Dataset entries
● ● ● ● ●

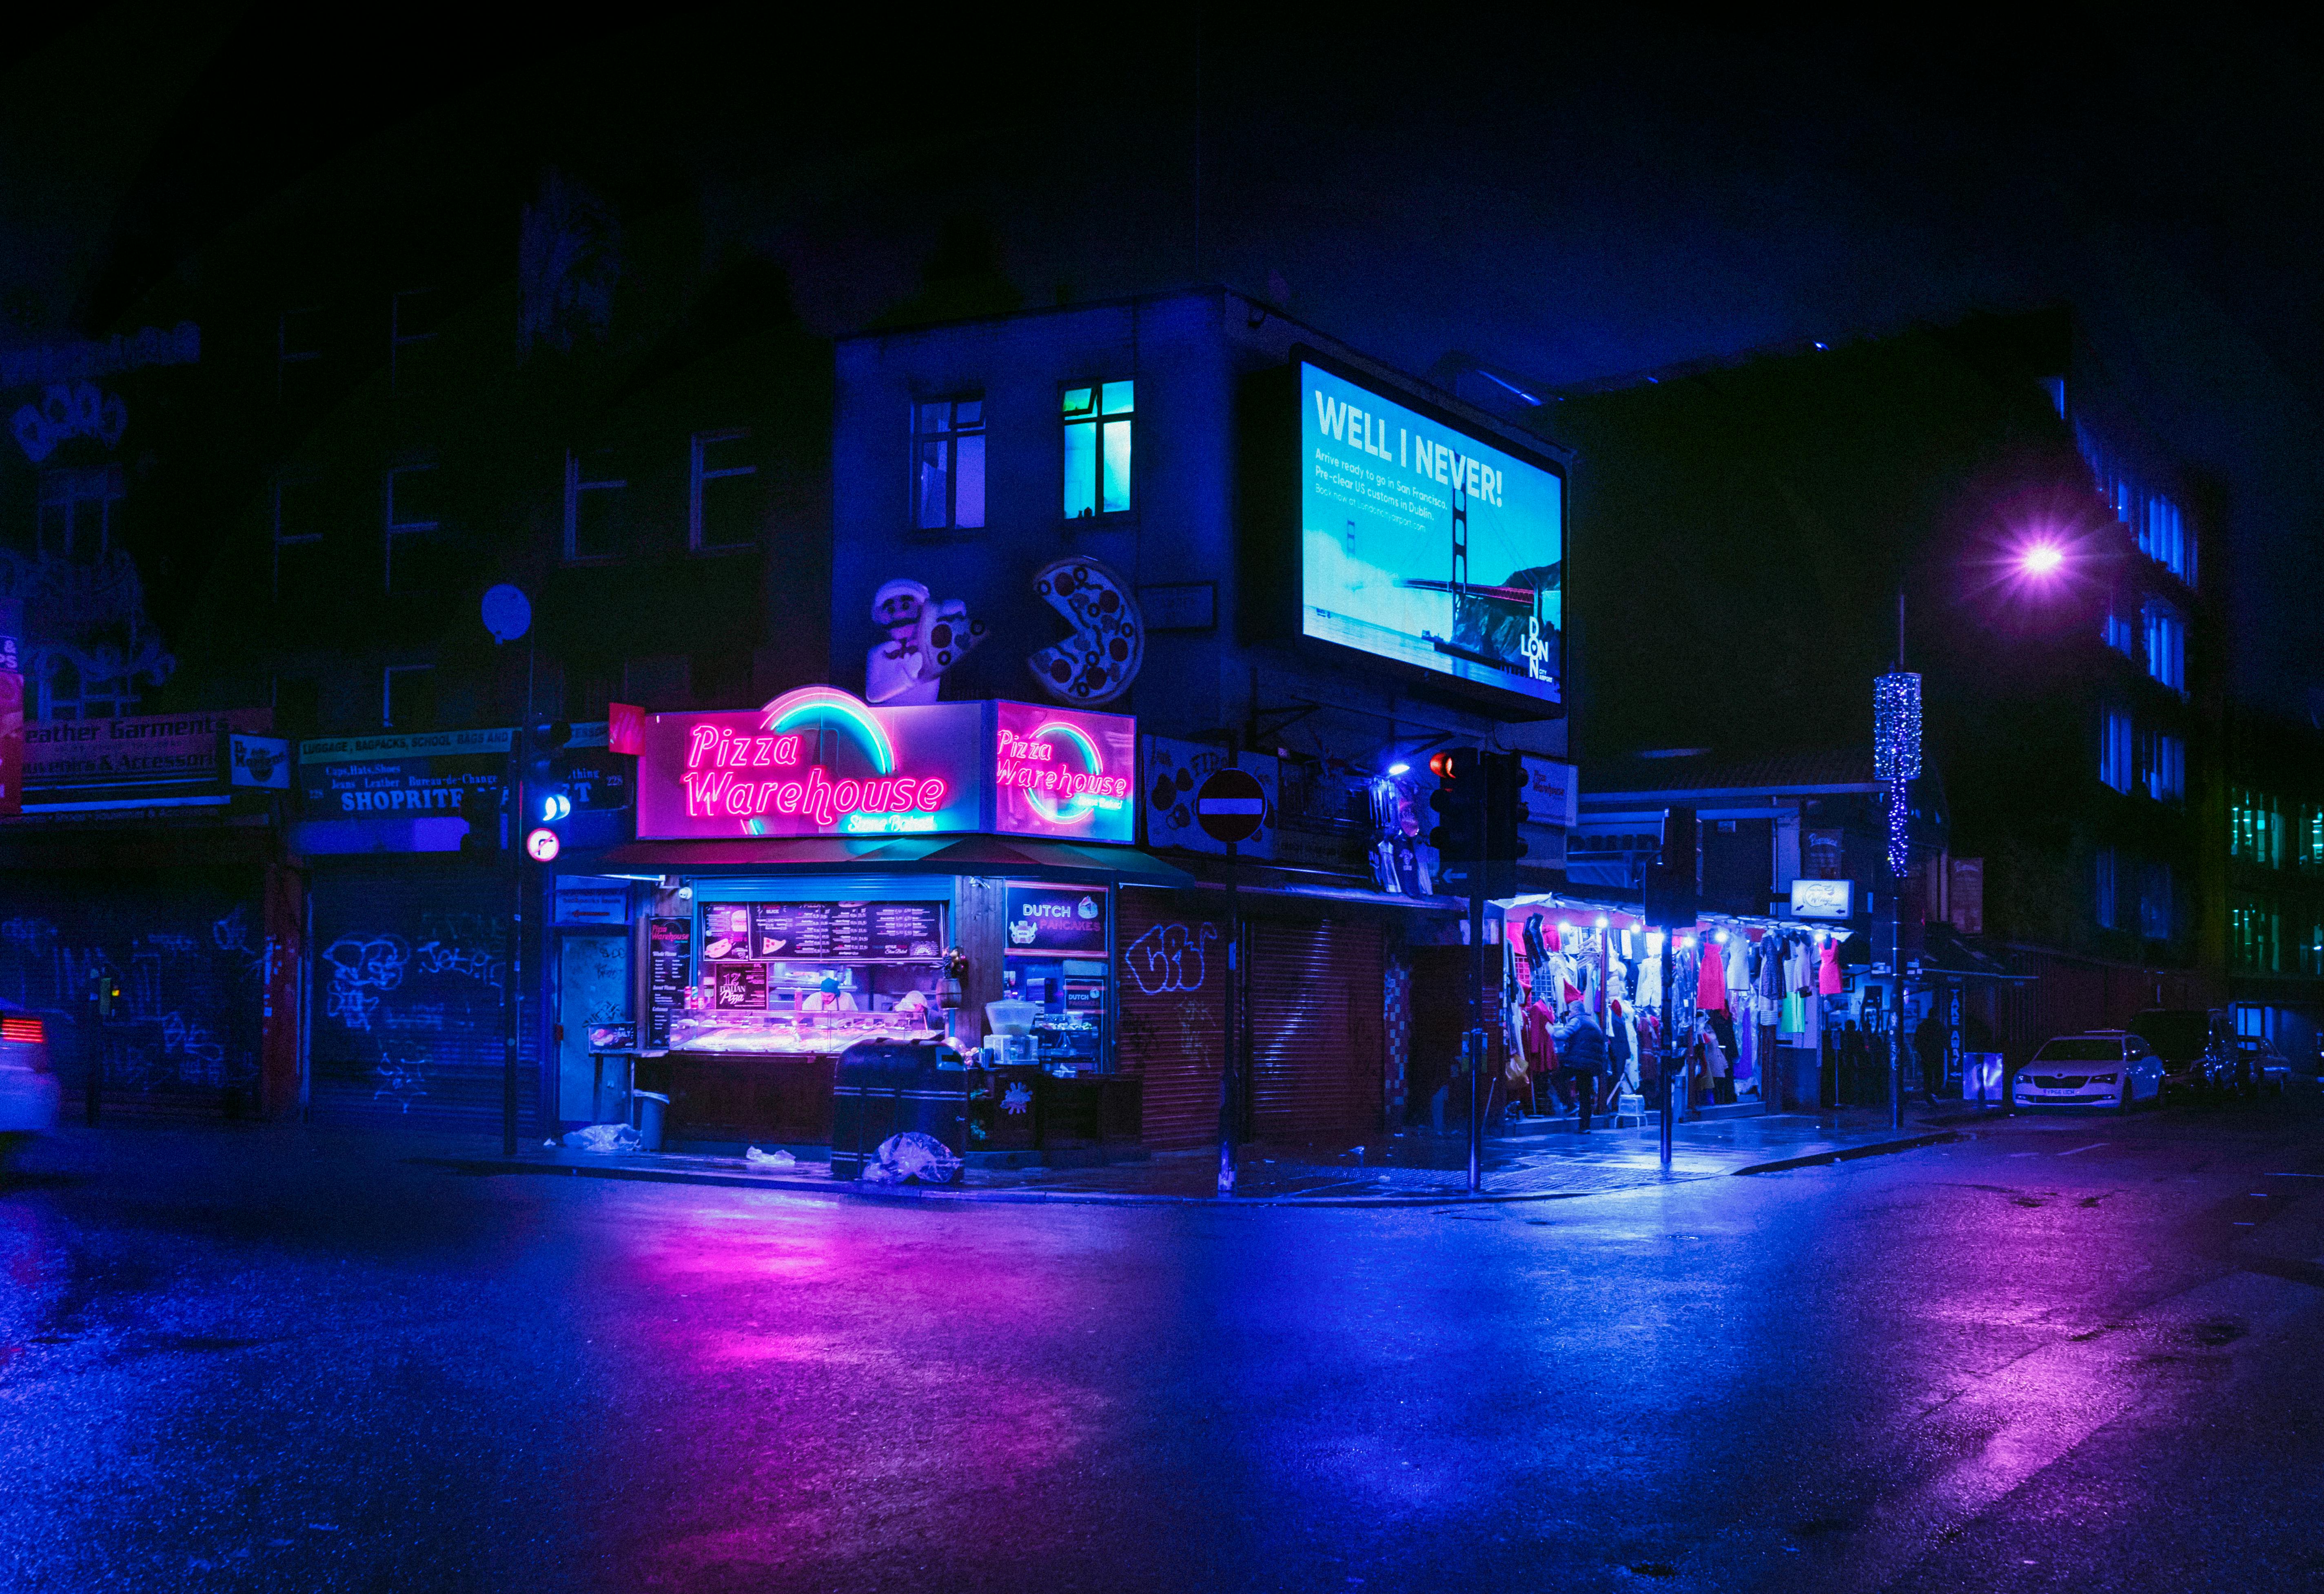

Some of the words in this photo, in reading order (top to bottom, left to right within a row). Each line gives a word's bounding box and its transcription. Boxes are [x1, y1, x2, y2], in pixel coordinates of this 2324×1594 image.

[1315, 390, 1392, 461] WELL
[1401, 428, 1406, 468] I
[1416, 435, 1502, 508] NEVER!
[1315, 448, 1339, 467] Arrive
[1342, 461, 1364, 479] ready
[1366, 470, 1374, 480] to
[1377, 475, 1386, 486] go
[1388, 477, 1394, 489] in
[1397, 481, 1410, 495] San
[1413, 487, 1447, 510] Francisco.
[1315, 465, 1353, 489] Pre-clear
[1355, 481, 1365, 494] US
[1367, 488, 1399, 507] customs
[1401, 499, 1407, 510] in
[1409, 501, 1434, 521] Dublin.
[1349, 498, 1356, 506] at
[25, 724, 100, 744] eather
[110, 717, 228, 740] Garments
[411, 735, 450, 748] SCHOOL
[457, 733, 483, 745] BAGS
[487, 732, 507, 743] AND
[689, 725, 798, 767] Pizza
[997, 729, 1051, 760] Pizza
[99, 755, 113, 772] &
[122, 749, 216, 772] Accessori
[331, 778, 356, 789] Jeans
[364, 777, 400, 789] Leather
[996, 758, 1126, 798] Warehouse
[683, 768, 945, 825] Warehouse
[1023, 904, 1071, 918] DUTCH
[652, 931, 690, 942] Warehouse
[1040, 919, 1101, 932] PANCAKES
[723, 973, 741, 986] 12
[720, 989, 744, 1004] Pizza
[1950, 989, 1960, 1025] TAKE
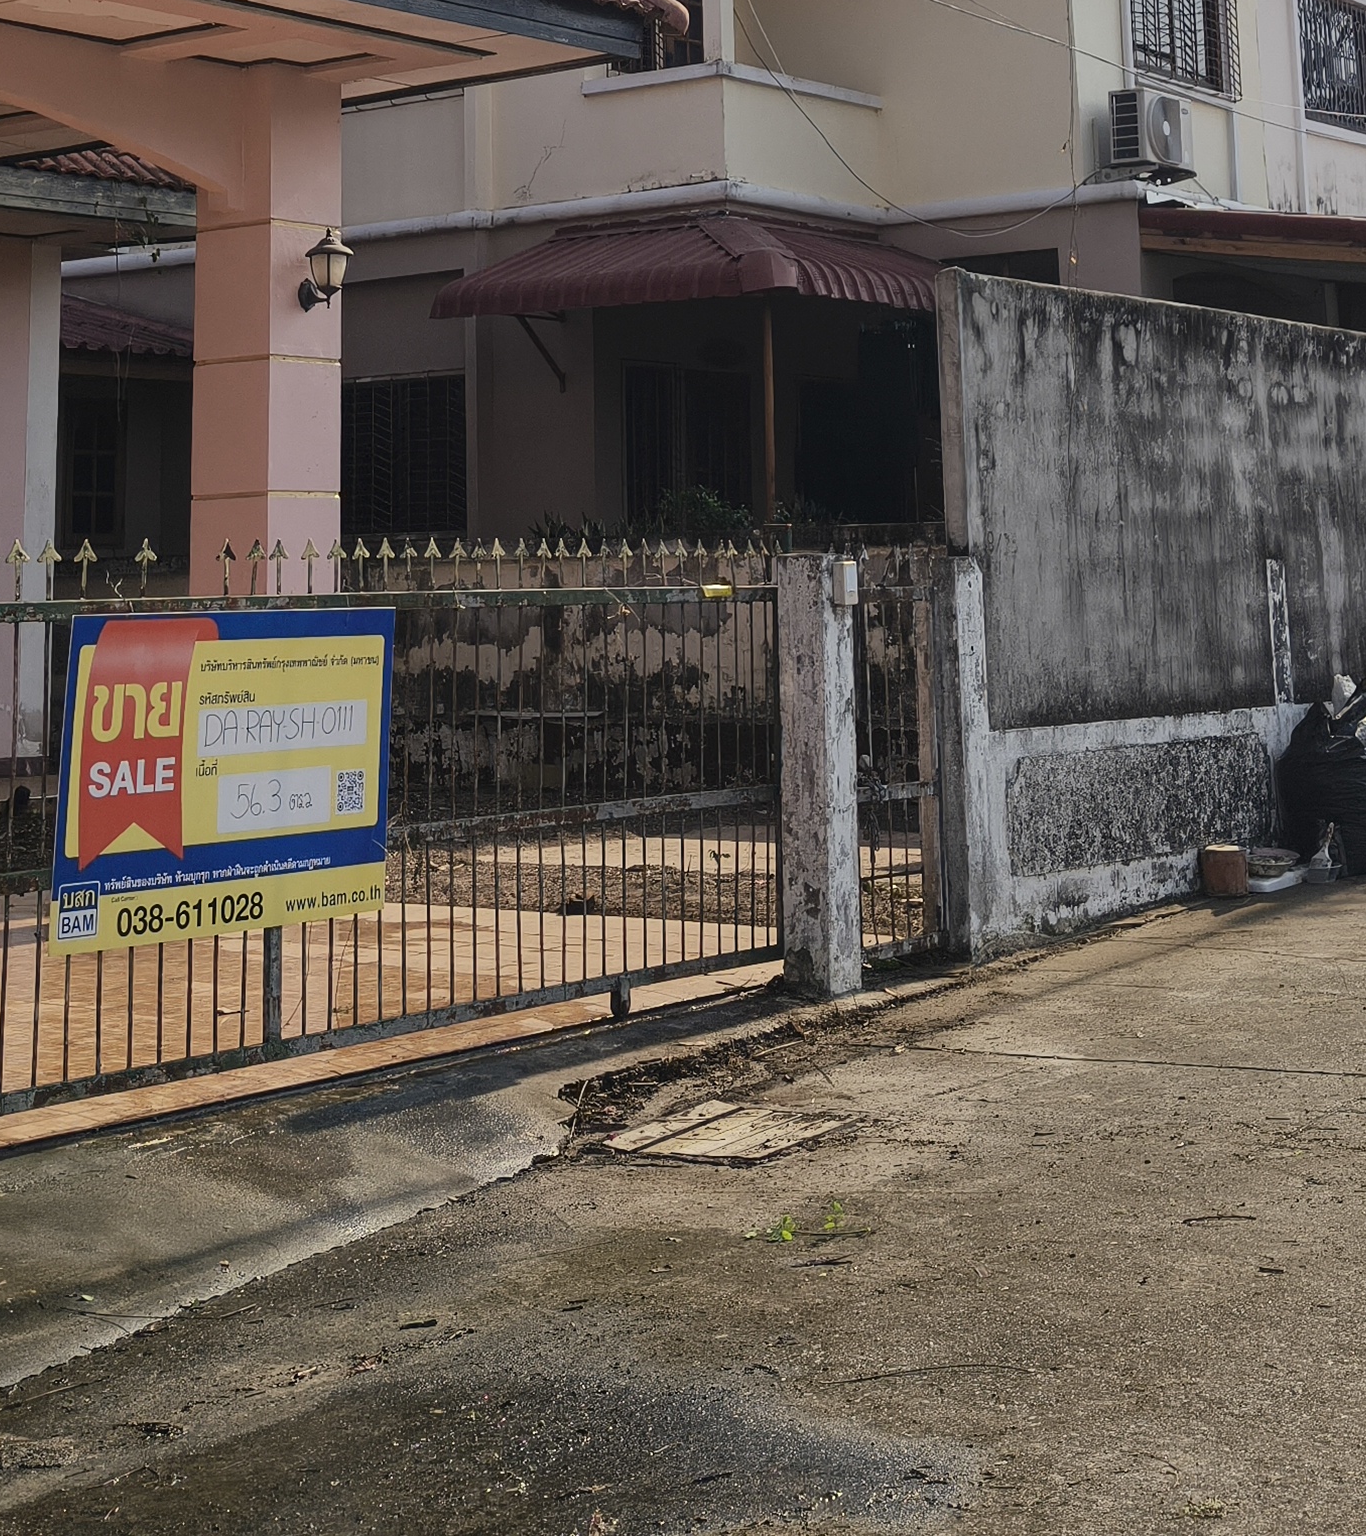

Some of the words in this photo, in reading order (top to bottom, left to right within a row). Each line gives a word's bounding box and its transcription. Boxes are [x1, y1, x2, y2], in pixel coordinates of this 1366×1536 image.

● ● ● ● ●

- **DIRECTIONS**
Please set the records down again exactly as written. The pictures should not be included.

- **COMPLETED TASK**
Some of the words in this photo, in reading order (top to bottom, left to right within a row). Each line gives a word's bounding box and its transcription. Boxes are [x1, y1, x2, y2], in pixel coordinates of this 2324×1594 image.

[1315, 390, 1392, 461] WELL
[1401, 428, 1406, 468] I
[1416, 435, 1502, 508] NEVER!
[1315, 448, 1339, 467] Arrive
[1342, 461, 1364, 479] ready
[1366, 470, 1374, 480] to
[1377, 475, 1386, 486] go
[1388, 477, 1394, 489] in
[1397, 481, 1410, 495] San
[1413, 487, 1447, 510] Francisco.
[1315, 465, 1353, 489] Pre-clear
[1355, 481, 1365, 494] US
[1367, 488, 1399, 507] customs
[1401, 499, 1407, 510] in
[1409, 501, 1434, 521] Dublin.
[1349, 498, 1356, 506] at
[25, 724, 100, 744] eather
[110, 717, 228, 740] Garments
[411, 735, 450, 748] SCHOOL
[457, 733, 483, 745] BAGS
[487, 732, 507, 743] AND
[689, 725, 798, 767] Pizza
[997, 729, 1051, 760] Pizza
[99, 755, 113, 772] &
[122, 749, 216, 772] Accessori
[331, 778, 356, 789] Jeans
[364, 777, 400, 789] Leather
[996, 758, 1126, 798] Warehouse
[683, 768, 945, 825] Warehouse
[1023, 904, 1071, 918] DUTCH
[652, 931, 690, 942] Warehouse
[1040, 919, 1101, 932] PANCAKES
[723, 973, 741, 986] 12
[720, 989, 744, 1004] Pizza
[1950, 989, 1960, 1025] TAKE

Some of the words in this photo, in reading order (top to bottom, left to right within a row). Each line gives a word's bounding box and its transcription. Boxes are [x1, y1, x2, y2], in pixel coordinates of this 1366×1536 image.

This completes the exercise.